- [Records supplied]:
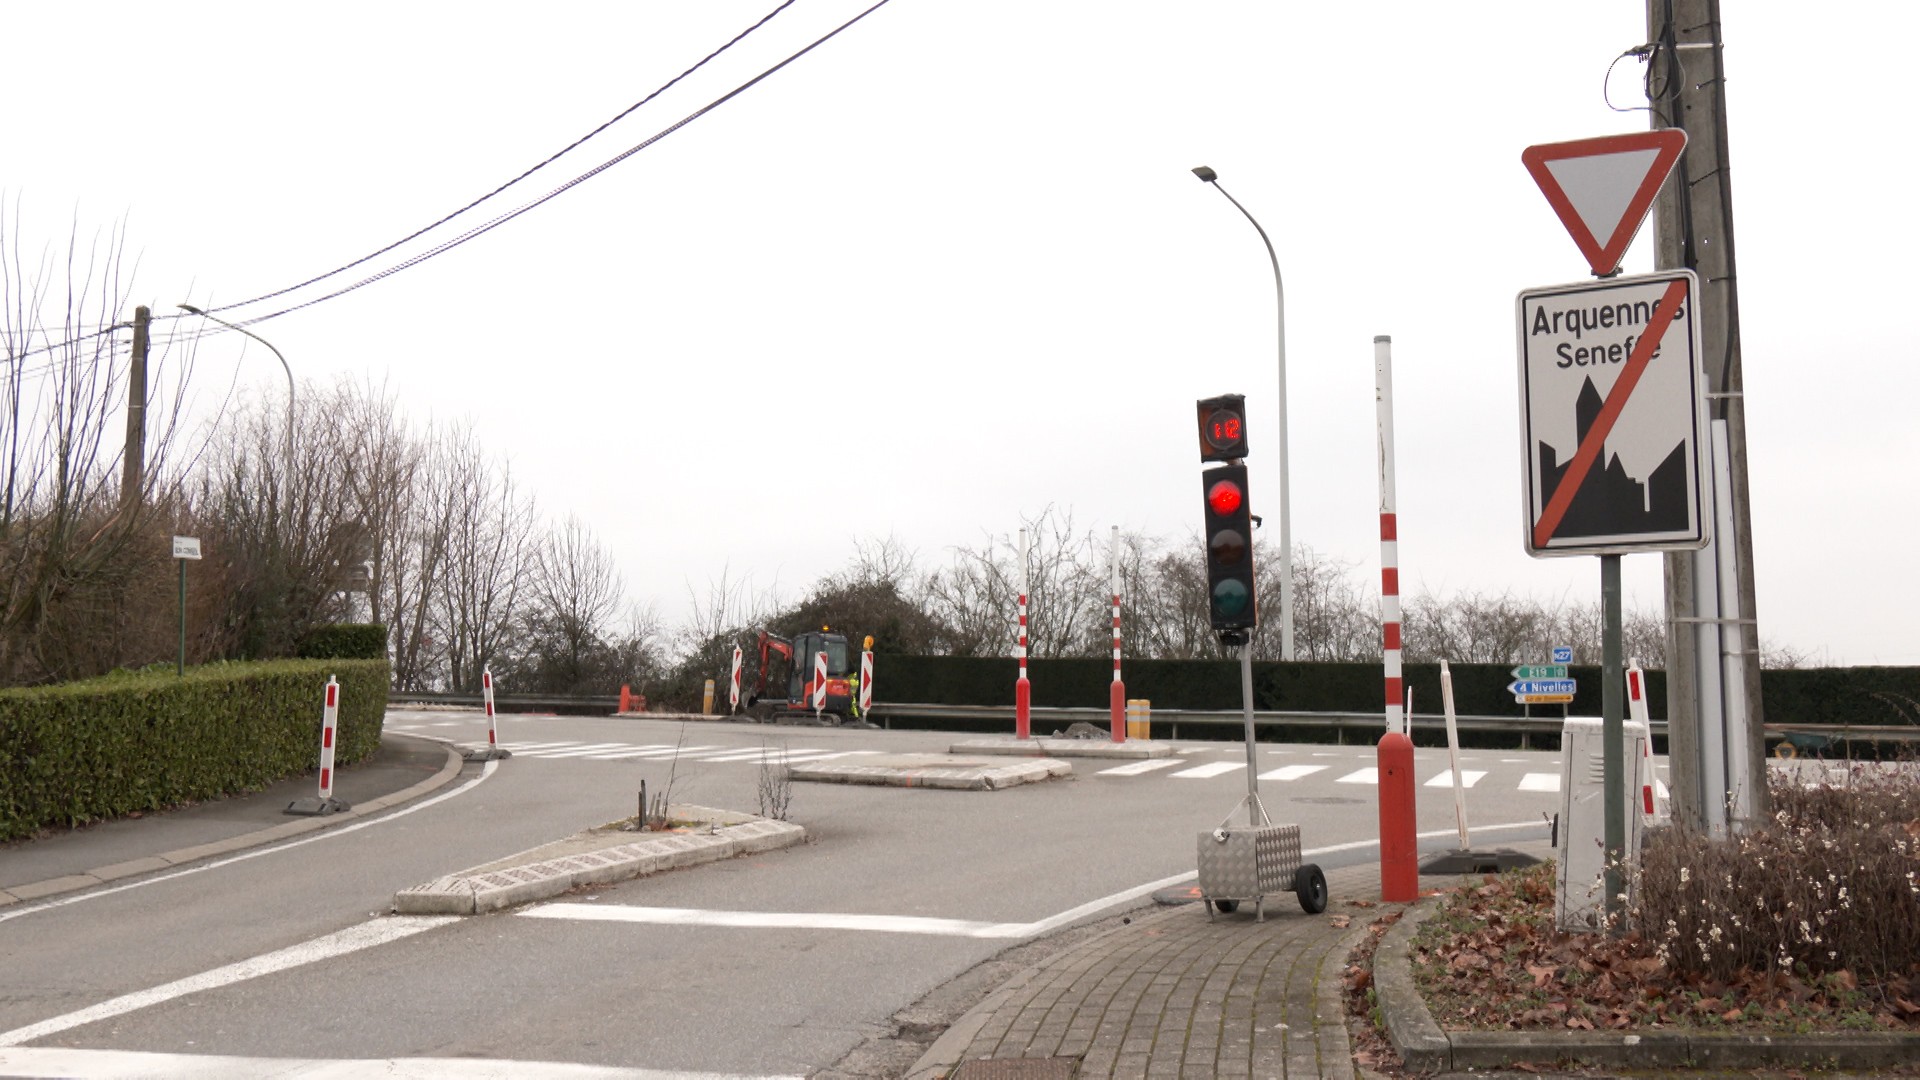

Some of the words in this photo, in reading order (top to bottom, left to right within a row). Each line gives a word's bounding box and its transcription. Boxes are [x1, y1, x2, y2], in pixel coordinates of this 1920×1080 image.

[1556, 335, 1661, 369] Senef
[1554, 651, 1570, 660] N27
[1529, 667, 1547, 678] E19
[1532, 681, 1573, 692] Nivelles
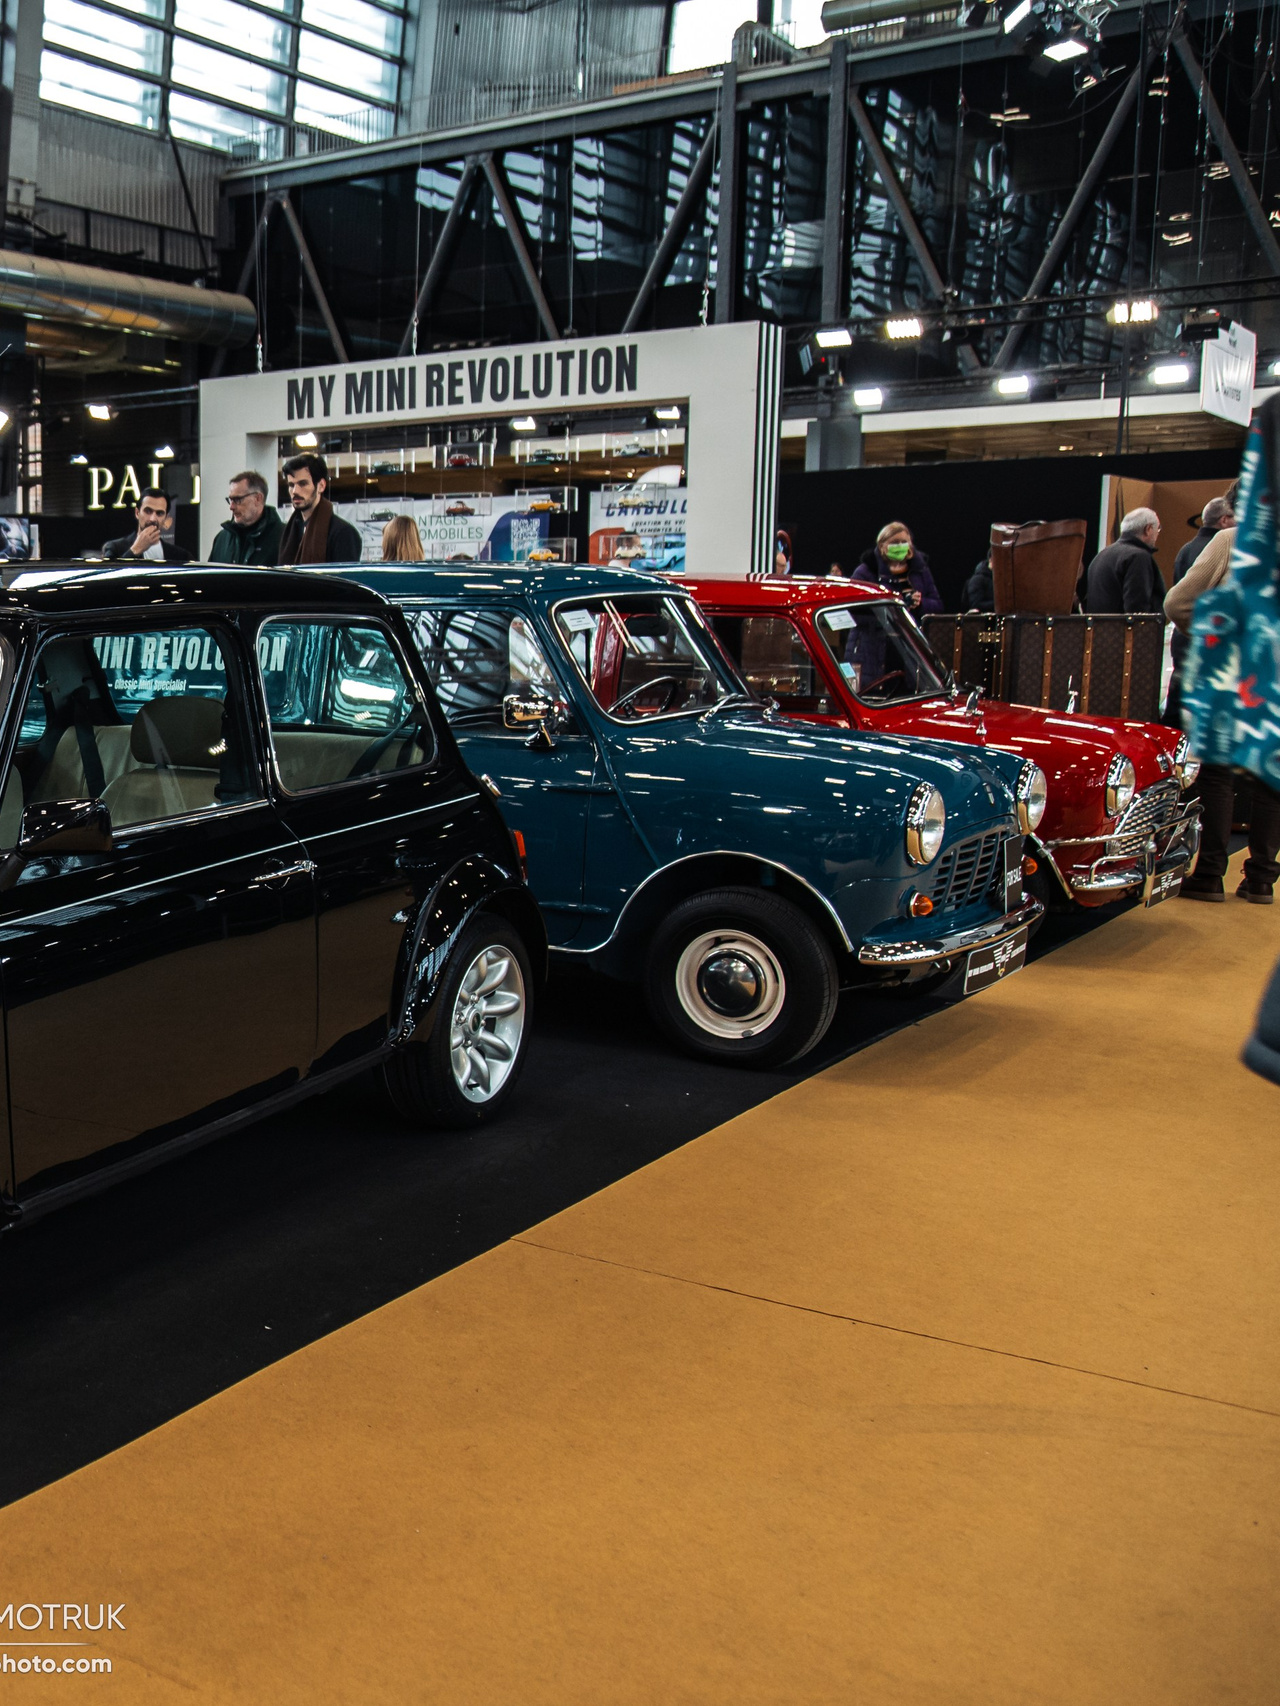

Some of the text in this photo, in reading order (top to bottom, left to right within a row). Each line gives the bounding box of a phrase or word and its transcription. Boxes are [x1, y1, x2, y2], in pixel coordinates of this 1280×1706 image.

[287, 344, 638, 420] MY MINI REVOLUTION
[414, 515, 468, 527] NTAGES

- [What you will do]:
Your task is to retype the listing exactly, without its pictures.

- [Task output]:
Some of the words in this photo, in reading order (top to bottom, left to right within a row). Each line gives a word's bounding box and its transcription. Boxes are [x1, y1, x2, y2], in pixel coordinates of this 1920×1080 image.

[1556, 335, 1661, 369] Senef
[1554, 651, 1570, 660] N27
[1529, 667, 1547, 678] E19
[1532, 681, 1573, 692] Nivelles

Some of the text in this photo, in reading order (top to bottom, left to right within a row). Each line gives the bounding box of a phrase or word and its transcription. Boxes are [x1, y1, x2, y2], in pixel coordinates of this 1280×1706 image.

[287, 344, 638, 420] MY MINI REVOLUTION
[414, 515, 468, 527] NTAGES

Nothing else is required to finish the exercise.